"Tidak ada pilihan lain selain pindah," begitu kata Ayah.
Sejak Hana sakit-sakitan pada hari pertama sekolah semester dua, fokus Hani pada kembarannya itu benar-benar tertuju pada Hana. Apalagi berada di pesantren, jauh dari orang tua, dan mereka juga sudah hampir lulus, tinggal satu semester lagi tidak membuat Hani menelantar kembarannya begitu saja demi sebuah nilai. Benar, mereka sekarang berada di kelas tiga(kalau di sekolaumum), kita menyebutnya kelas 12 SMA atau kelas 3 SMA. Yap, mereka sebentar lagi tamat dan lulus sebagai alumni santriwati. Tapi takdir berkata lain, penyakit Hana belum juga membaik, membuat kekhawatiran Ayah di rumah semakin menjadi-jadi melihat anaknya itu belum juga sembuh. Hana terpuruk melawan penyakitnya tanpa perhatian dan pantauan orang tua. Memang Benar, di pesantren ada ustadzah yang mengurus. Namun, mau bagaimana pun namanya orang tua, tetap saja rasa khawatir Ayah menyala-nyala saat anak-anaknya jauh dari pantauannya.

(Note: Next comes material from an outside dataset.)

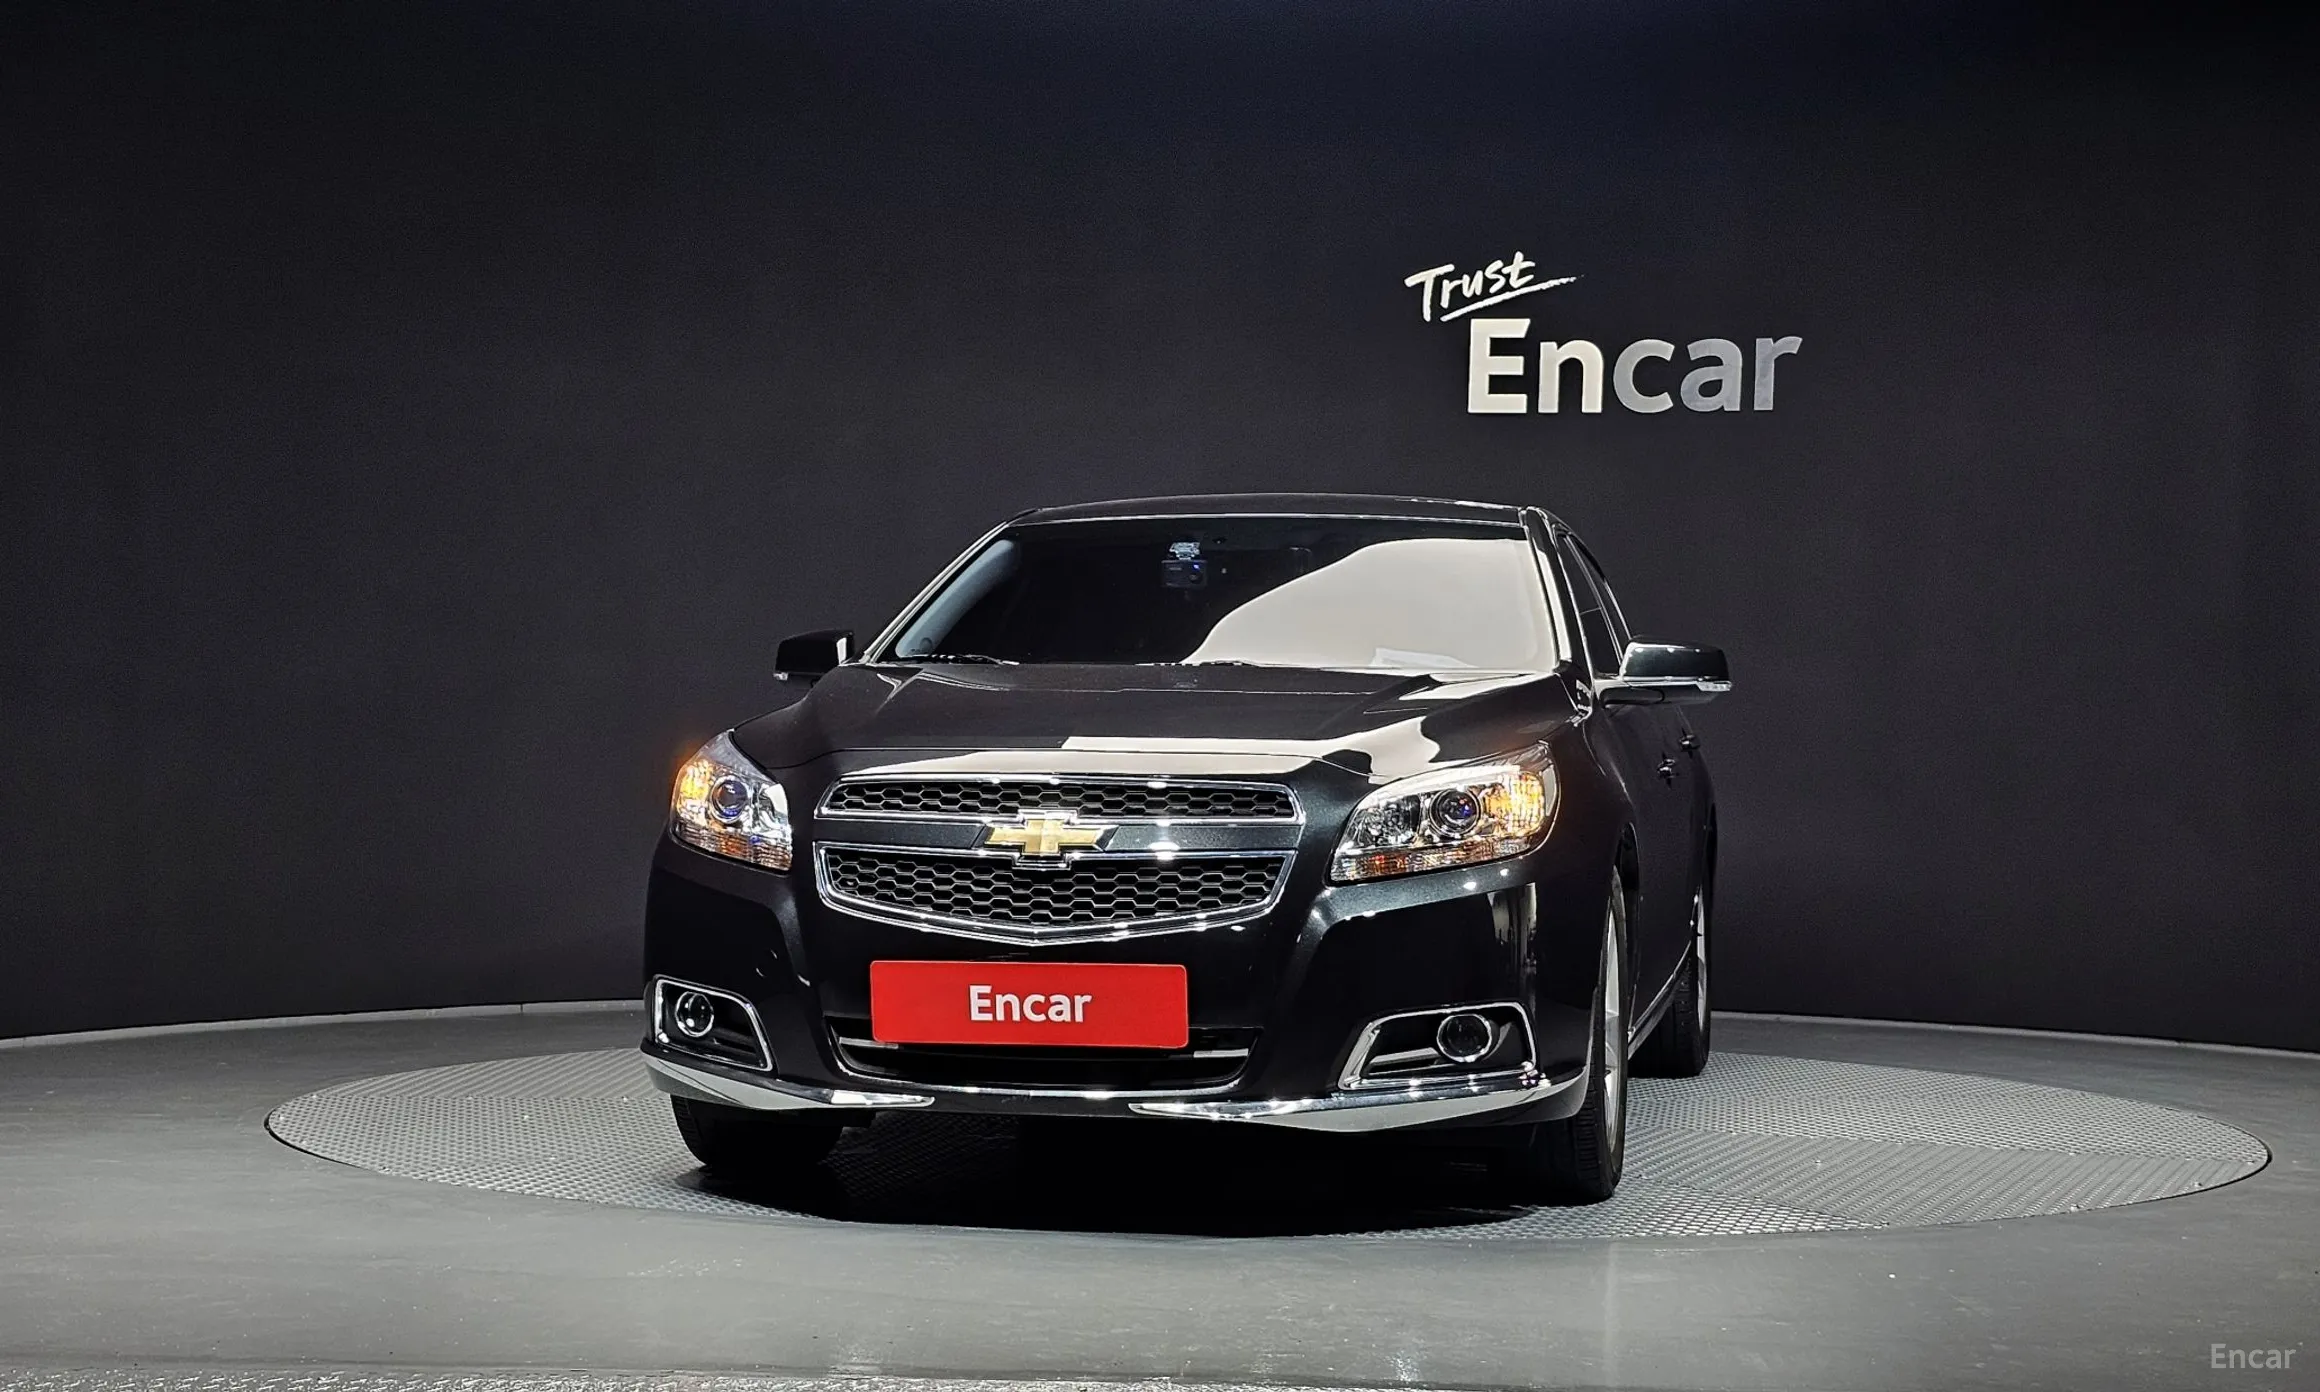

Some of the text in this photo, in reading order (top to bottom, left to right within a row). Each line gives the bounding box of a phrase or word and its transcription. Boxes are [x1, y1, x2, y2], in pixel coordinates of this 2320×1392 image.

Dengan banyak pertimbangan dan berdiskusi dengan Hani, akhirnya kedua anak kembar itu harus keluar dari pesantren. Demi merawat Hana, demi ketenangan pikiran Ayah. Kedua anak kembar itu sudah lama menjadi piatu, sejak mereka duduk di bangku Taman Kanak-Kanak (TK) Ibu mereka sudah lama tiada. Untuk kepindahan sekolah? Sudah diurus oleh Ayah mereka. Rencananya akan lanjut ke sekolah umum, di sekolah yang satu yayasan di tempat Ayah bekerja. ayasan Putra Perunggu yang terkenal dengan kualitas sekolahnya yang bagus dan mendukung siswa dalam segala aspek, fasilitas lengkap, beasiswa untuk murid-murid dengan ekonomi dibawah rata-rata pun memiliki peluang untuk bisa bersekolah disana. Yayasan juga tidak menutup diri, dengan tetap membuka donasi untuk orag-orang yang ingin berdonasi ke yayasan mereka. Rumah yang ayah dan Hana, Hani tempati juga merupakan rumah pemberian dari yayasan Putra Perunggu karena Ayah sudah mengabdikan diri pada Yayasan lebih dari 10 tahun.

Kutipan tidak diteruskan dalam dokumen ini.